By Bampia James Bundu
Executive Secretary at the National Commission for Persons with Disability, Janet Robinson, has said that most of the issues discussed in the Disability Act are not practically incorporated.
While addressing the challenges of the Commission, at an ENCISS-organised forum in Freetown, Robinson said that persons with disability were still deprived of facilities due them.
She explained such persons were still being asked out of universities because they could not afford their fees and were being forced to pay medical expenses in government hospitals where those facilities were meant to be free.
She complained that it was very challenging to run the commission because persons with disability were expecting most of their problems to be solved after the establishment of the commission.
Robinson called on all to create a favorable atmosphere for people with disability as “any able-bodied person is a candidate for disability.”
But the Minister of social welfare, Moijueh Kaikai said the executive secretary was new in the commission and needed to stabilize.

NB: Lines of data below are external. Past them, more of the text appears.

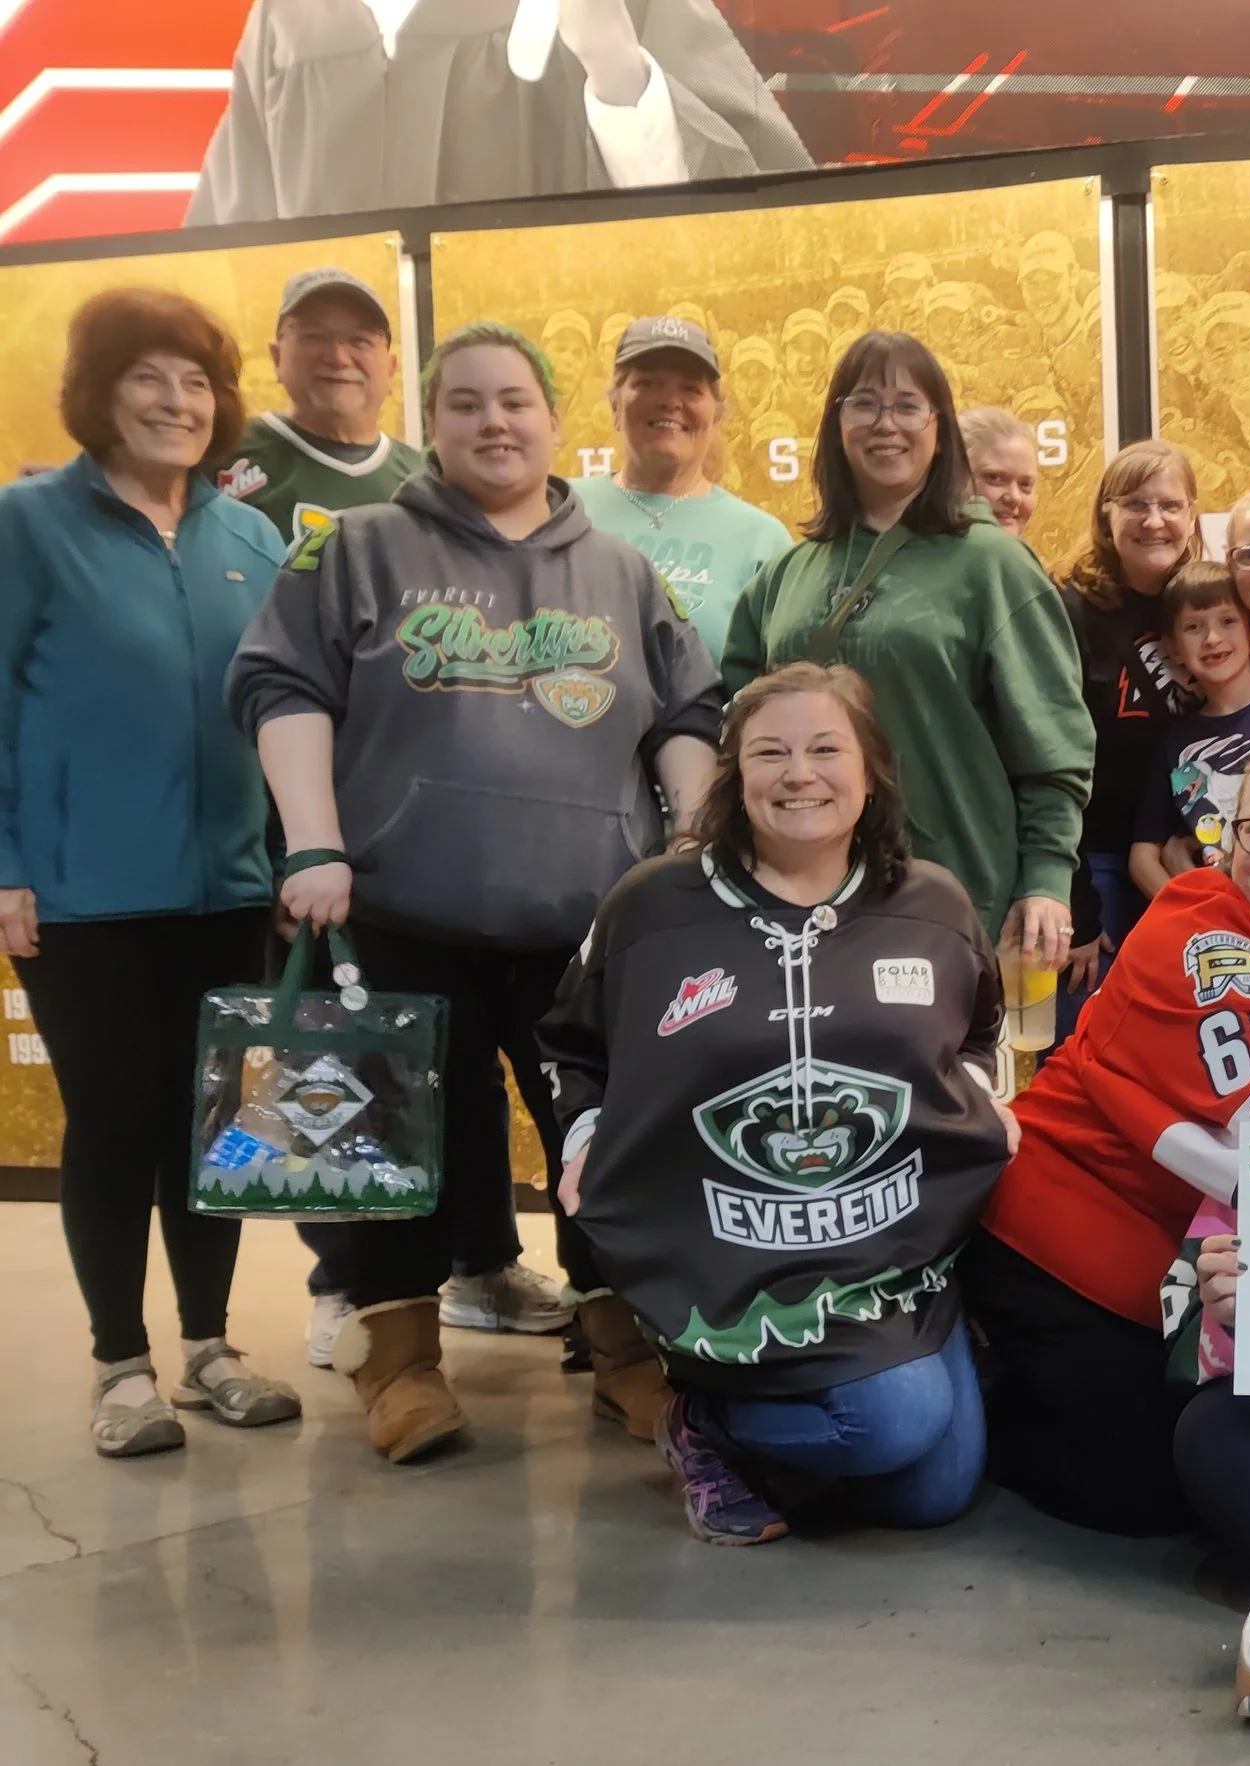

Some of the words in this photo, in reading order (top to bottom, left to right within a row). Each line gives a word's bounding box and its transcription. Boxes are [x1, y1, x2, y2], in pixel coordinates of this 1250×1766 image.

[400, 586, 497, 609] EVERETT
[397, 602, 612, 682] Silvertips
[877, 965, 928, 976] POLAR
[2, 988, 33, 1020] 19
[671, 974, 739, 1022] WHL
[767, 1005, 836, 1022] CCM
[8, 1032, 51, 1066] 199
[722, 1161, 918, 1246] EVERETT
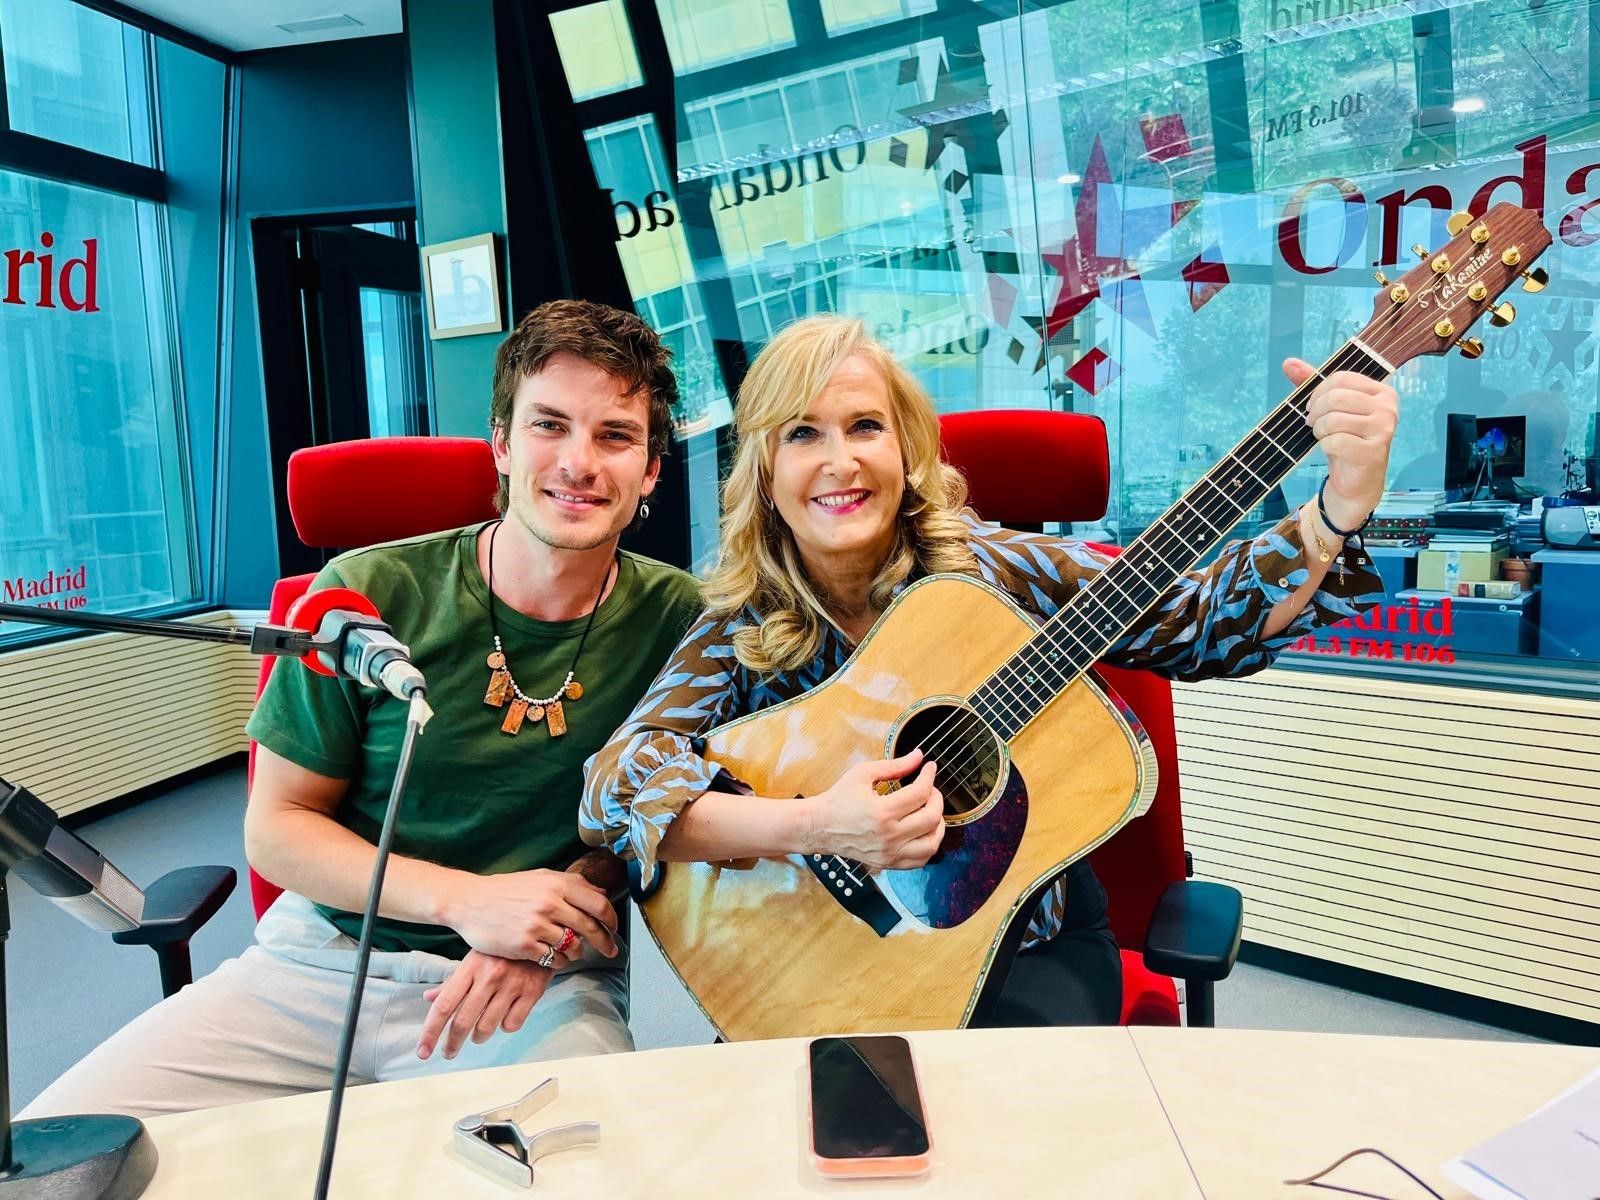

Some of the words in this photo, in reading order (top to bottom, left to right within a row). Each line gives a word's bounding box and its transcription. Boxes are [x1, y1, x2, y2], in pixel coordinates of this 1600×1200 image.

[3, 564, 86, 604] Madrid
[64, 595, 87, 610] 106
[1330, 596, 1454, 637] drid
[1349, 637, 1395, 661] FM
[1403, 642, 1457, 666] 106

“The ministry of education has said that it only needs a letter of acceptance from a disabled person and without interviewing them, they are given government scholarship to enter the university,” he claimed.
He said that at district level the process was being undermined by chiefdom authorities who he alleged would send in names of able-bodied people for disability opportunities.
“We were able to establish this after a thorough verification of the process at those levels. That is why we feel people with disability should go straight to the ministry in Freetown, present their letters of acceptance and get their scholarship processed,” he said.
The minister said they only provide oversight to institutions such as the disability commission and non-governmental organisations dealing with disability issues.